Driving Scientific and Engineering Discoveries Through the Convergence of HPC  Big Data and AI
Author: Jeffrey Nichols,Becky Verastegui,Arthur ‘Barney’ Maccabe,Oscar Hernandez,Suzanne Parete-Koon,Theresa Ahearn
Publsiher: Springer Nature
Total Pages: 555
Release: 2020-12-22
Genre: Computers
ISBN: 9783030633936

Download Driving Scientific and Engineering Discoveries Through the Convergence of HPC Big Data and AI Book in PDF, Epub and Kindle

This book constitutes the revised selected papers of the 17th Smoky Mountains Computational Sciences and Engineering Conference, SMC 2020, held in Oak Ridge, TN, USA*, in August 2020. The 36 full papers and 1 short paper presented were carefully reviewed and selected from a total of 94 submissions. The papers are organized in topical sections of computational applications: converged HPC and artificial intelligence; system software: data infrastructure and life cycle; experimental/observational applications: use cases that drive requirements for AI and HPC convergence; deploying computation: on the road to a converged ecosystem; scientific data challenges. *The conference was held virtually due to the COVID-19 pandemic.
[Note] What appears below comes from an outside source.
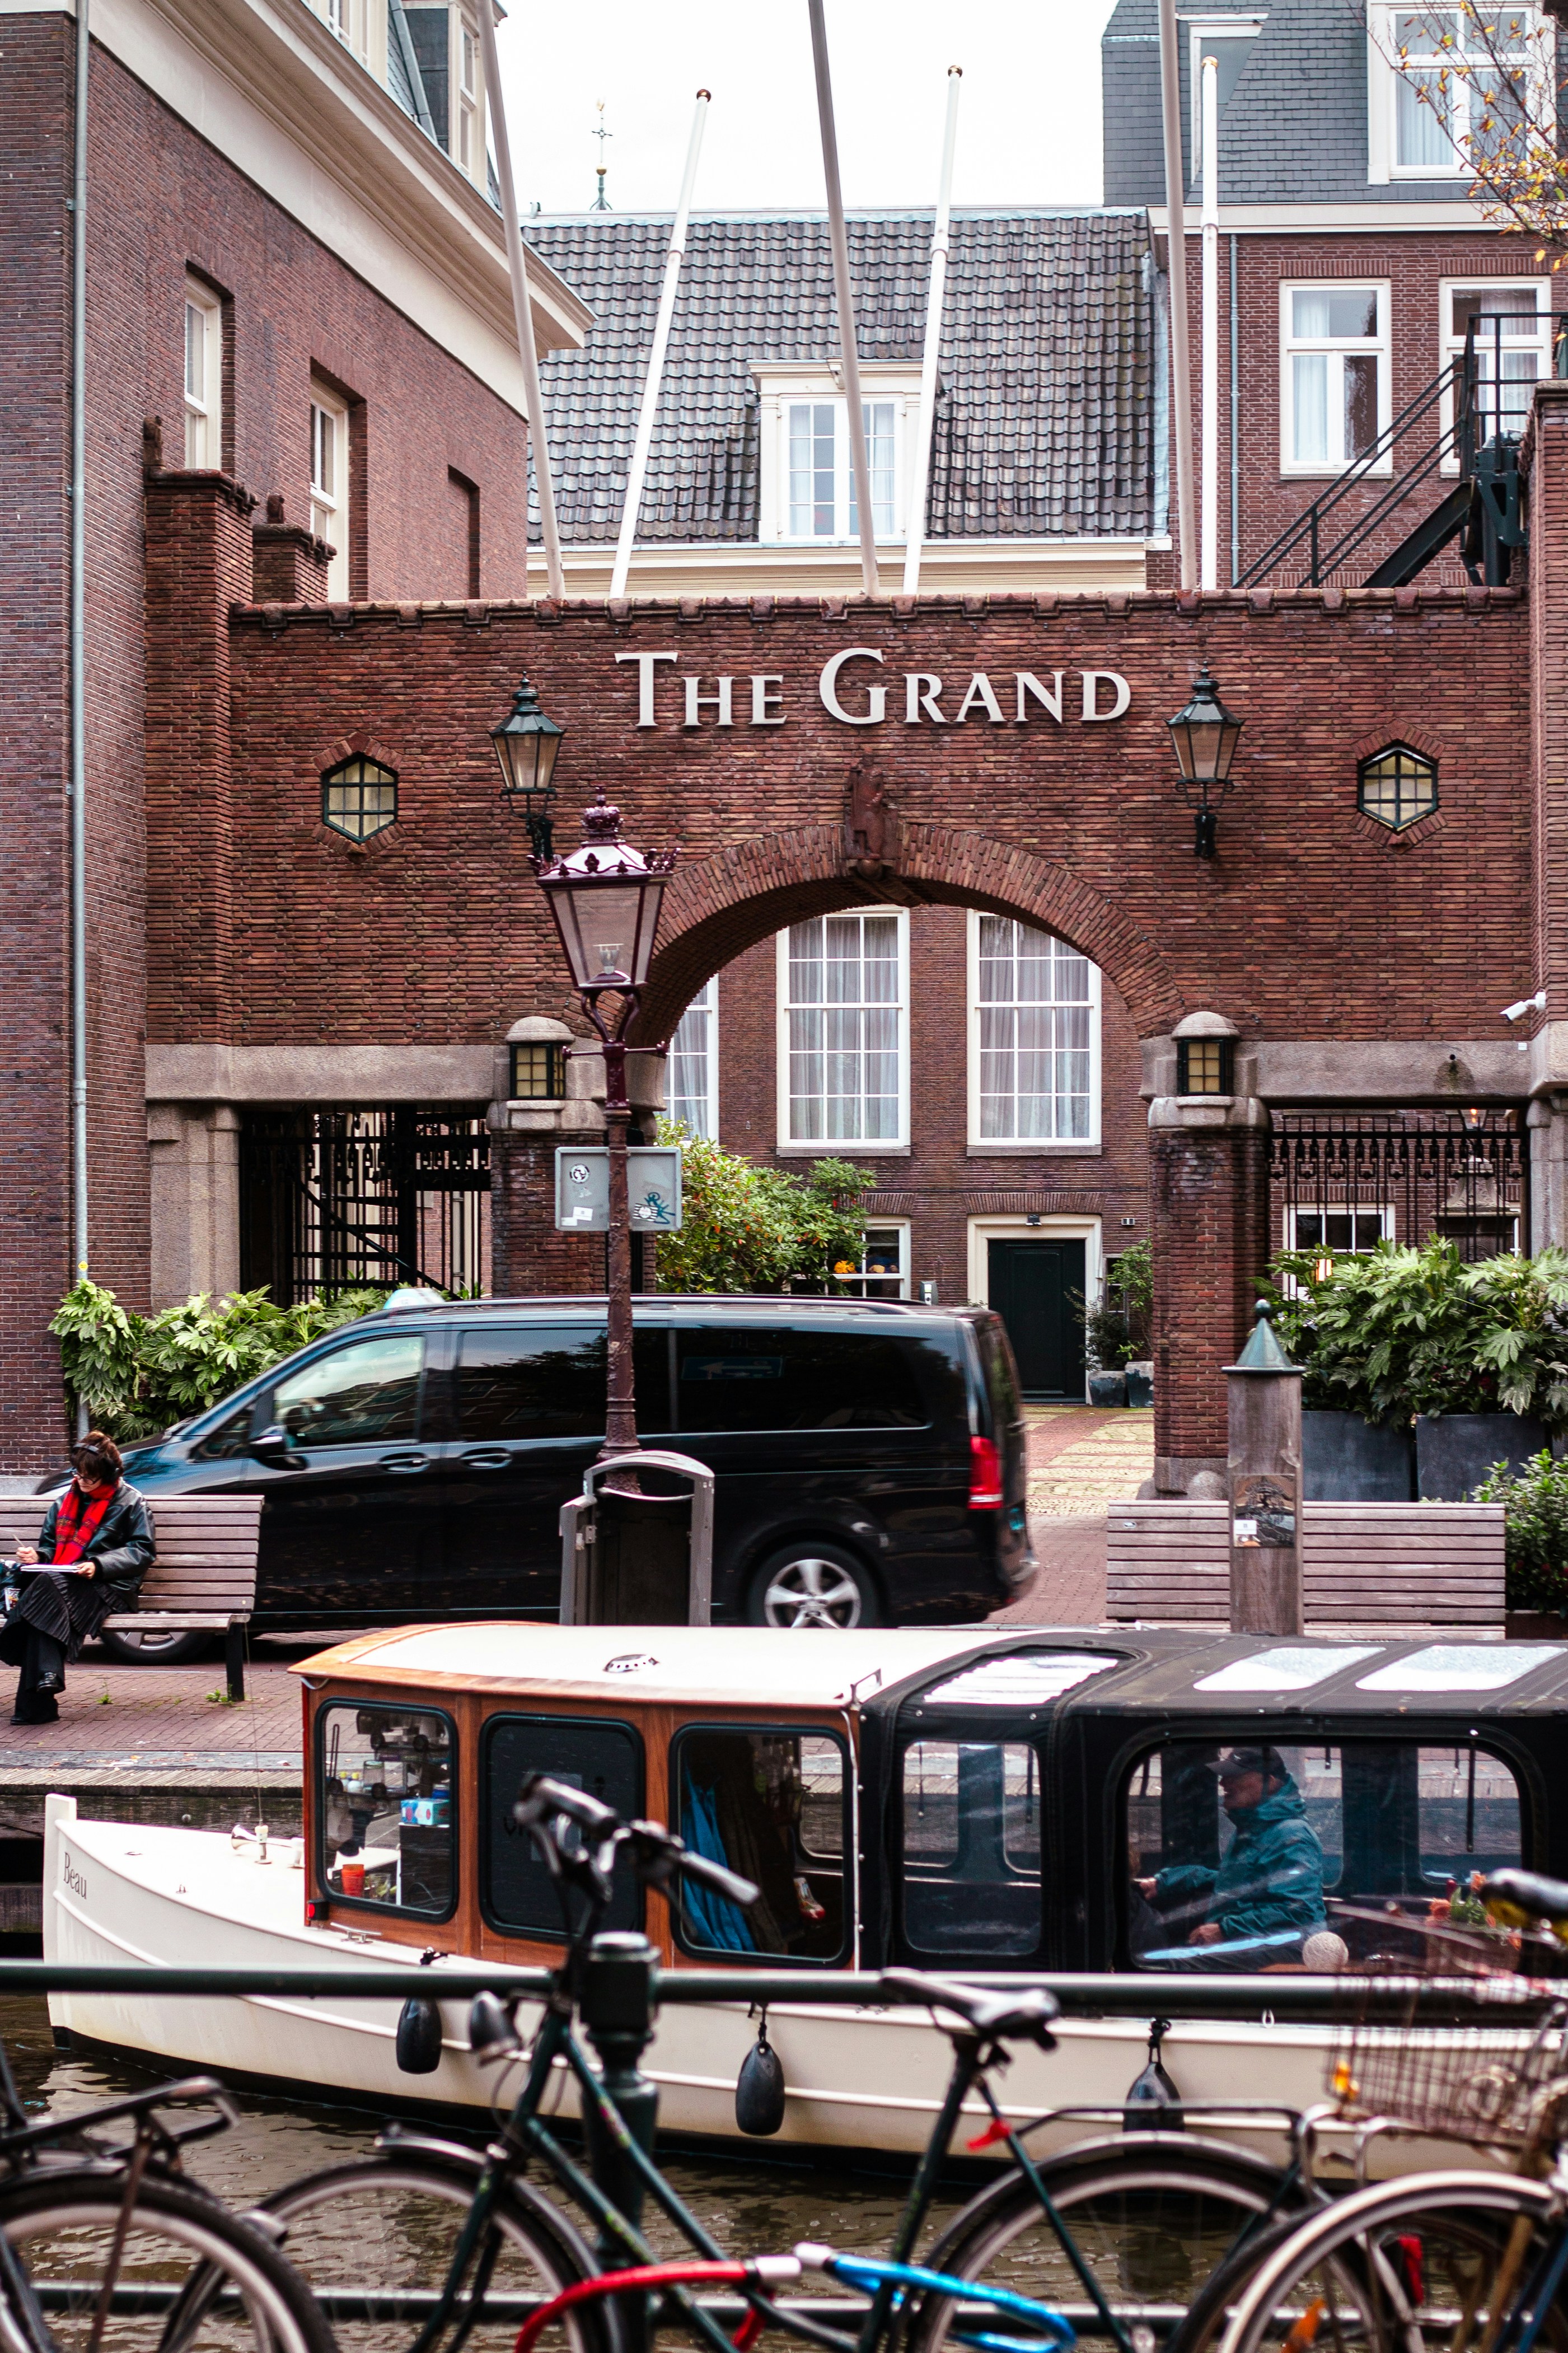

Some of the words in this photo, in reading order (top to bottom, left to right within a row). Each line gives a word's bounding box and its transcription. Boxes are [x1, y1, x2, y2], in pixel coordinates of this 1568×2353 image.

[614, 651, 788, 727] THE
[818, 647, 1131, 725] GRAND
[63, 1851, 87, 1899] Beau
Driving Scientific and Engineering Discoveries Through the Integration of Experiment Big Data and Modeling and Simulation

Driving Scientific and Engineering Discoveries Through the Integration of Experiment  Big Data  and Modeling and Simulation
Author: Jeffrey Nichols,Arthur ‘Barney’ Maccabe,James Nutaro,Swaroop Pophale,Pravallika Devineni,Theresa Ahearn,Becky Verastegui
Publsiher: Springer Nature
Total Pages: 474
Release: 2022-03-09
Genre: Computers
ISBN: 9783030964986

Download Driving Scientific and Engineering Discoveries Through the Integration of Experiment Big Data and Modeling and Simulation Book in PDF, Epub and Kindle

This book constitutes the revised selected papers of the 21st Smoky Mountains Computational Sciences and Engineering Conference, SMC 2021, held in Oak Ridge, TN, USA*, in October 2021. The 33 full papers and 3 short papers presented were carefully reviewed and selected from a total of 88 submissions. The papers are organized in topical sections of computational applications: converged HPC and artificial intelligence; advanced computing applications: use cases that combine multiple aspects of data and modeling; advanced computing systems and software: connecting instruments from edge to supercomputers; deploying advanced computing platforms: on the road to a converged ecosystem; scientific data challenges. *The conference was held virtually due to the COVID-19 pandemic.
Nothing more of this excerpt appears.